The Consumers Energy Storm Restoration Team has been monitoring this developing storm for several days and is ready to respond. Crews are being staged ahead of this event in areas where we expect the greatest damage. Consumers Energy is also preparing trucks and essential materials needed to assist with any restoration efforts.
To help the public prepare for what to do before, during and after a storm, we encourage customers to visit www.ConsumersEnergy.com/OutageCenter for helpful tips. Here customers also can visit the online outage map, report an outage and sign up to receive power restoration updates. Customers should also download the Consumers Energy app, and visit the Consumers Energy blog for additional information about this storm and important safety tips.
With the forecasts calling for freezing rain and strong winds, there is the potential for downed wires. Customers should stay at least 25 feet away from downed wires and anything they are touching, keep children and pets away, and report the issue by calling 9-1-1 and Consumers Energy at 800-477-5050.
Some preparation tips for potential severe weather include:
· Charge all electronic devices.
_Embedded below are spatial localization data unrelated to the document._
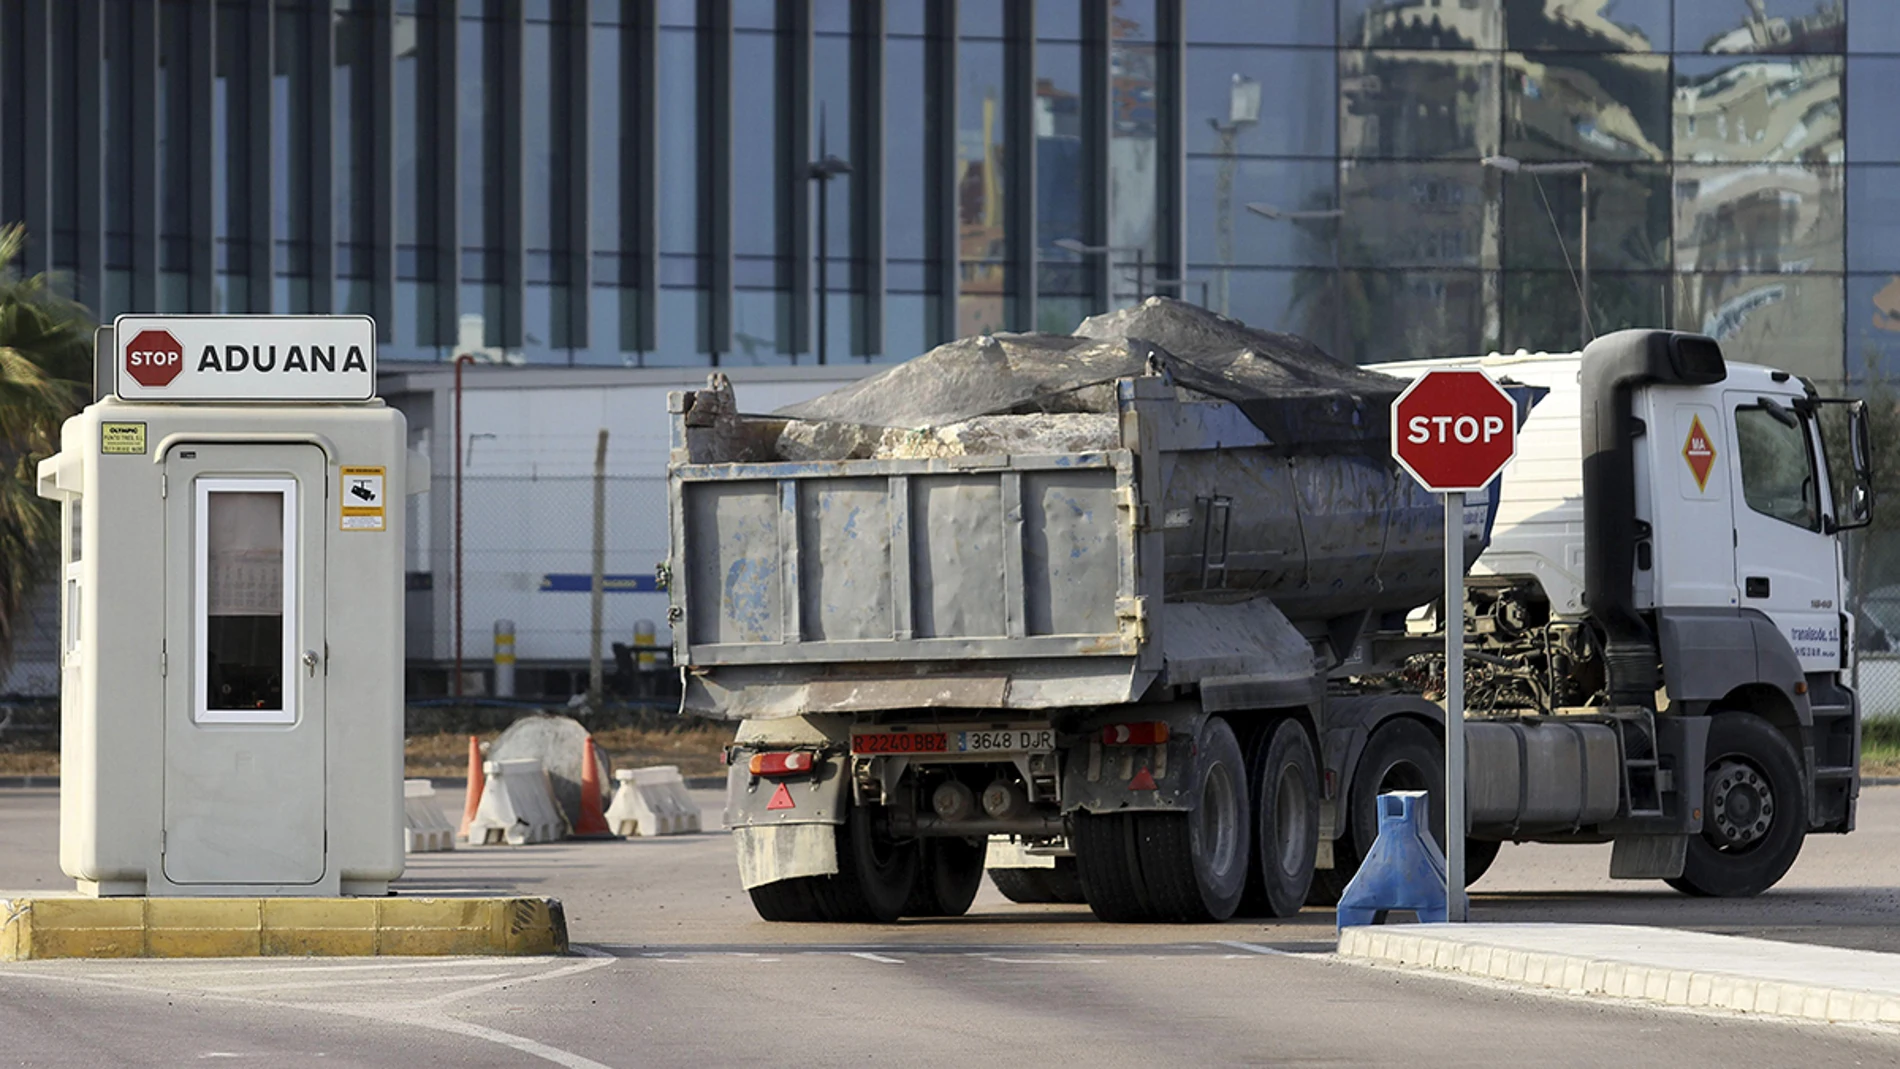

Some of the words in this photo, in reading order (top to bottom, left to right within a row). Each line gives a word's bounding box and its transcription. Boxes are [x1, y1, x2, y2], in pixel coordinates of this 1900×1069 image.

[130, 351, 179, 366] STOP
[197, 345, 368, 372] ADUANA
[1407, 416, 1504, 444] STOP
[853, 736, 864, 751] R
[869, 734, 910, 751] 2240
[971, 732, 1012, 749] 3648
[1020, 732, 1053, 748] DJR
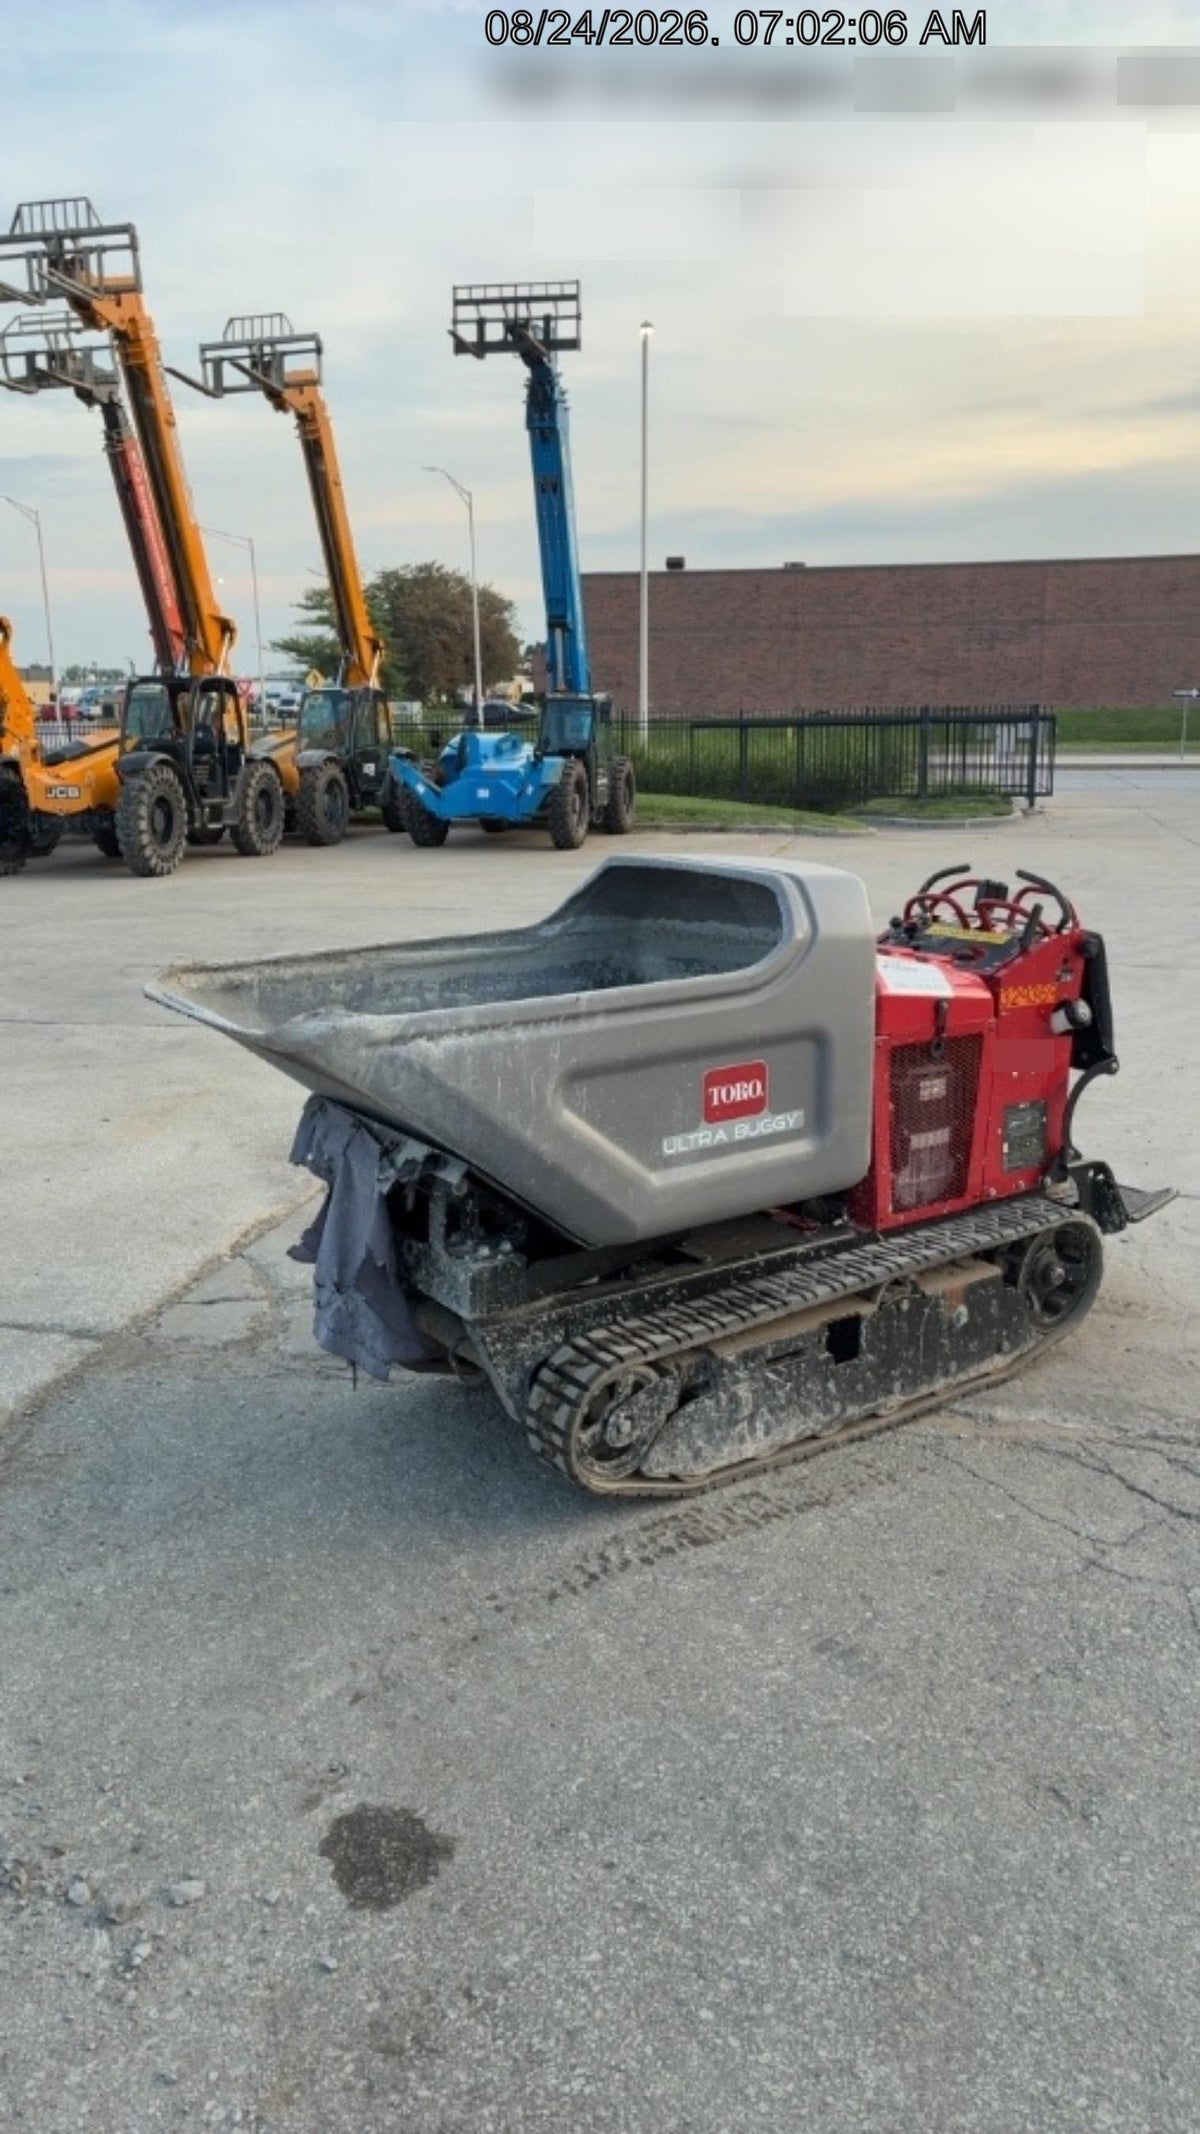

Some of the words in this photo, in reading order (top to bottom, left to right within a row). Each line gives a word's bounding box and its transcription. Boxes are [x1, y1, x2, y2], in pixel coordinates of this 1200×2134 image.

It’s advised to have an emergency battery or charging station available for use during an outage.
· Have an emergency kit that includes flashlights and extra batteries, water, canned food and blankets. Be prepared with enough medication, baby supplies and pet food if applicable. A battery-operated radio is also a good idea.
· Unplug sensitive electronics like TVs, computers and printers. Turn power strips off.
Consumers Energy also urges the public to keep these other important storm safety tips in mind:
· A portable generator should be placed at least 25 feet away from any doors, windows or fresh air intakes. Never operate a generator inside your home, garage, basement or enclosed area. Proper ventilation is critical.
· In addition to moving your generator outdoors and away from your home doors and intakes, don’t run your vehicles in a garage or use your gas stove for heat. If you have a fireplace, ensure the flue is open and only use if it’s been cleaned and serviced this year.
· Be alert to crews working along slick roads. Drivers should slow down or stop and wait for oncoming traffic to clear so they safely can go past workers on roadsides.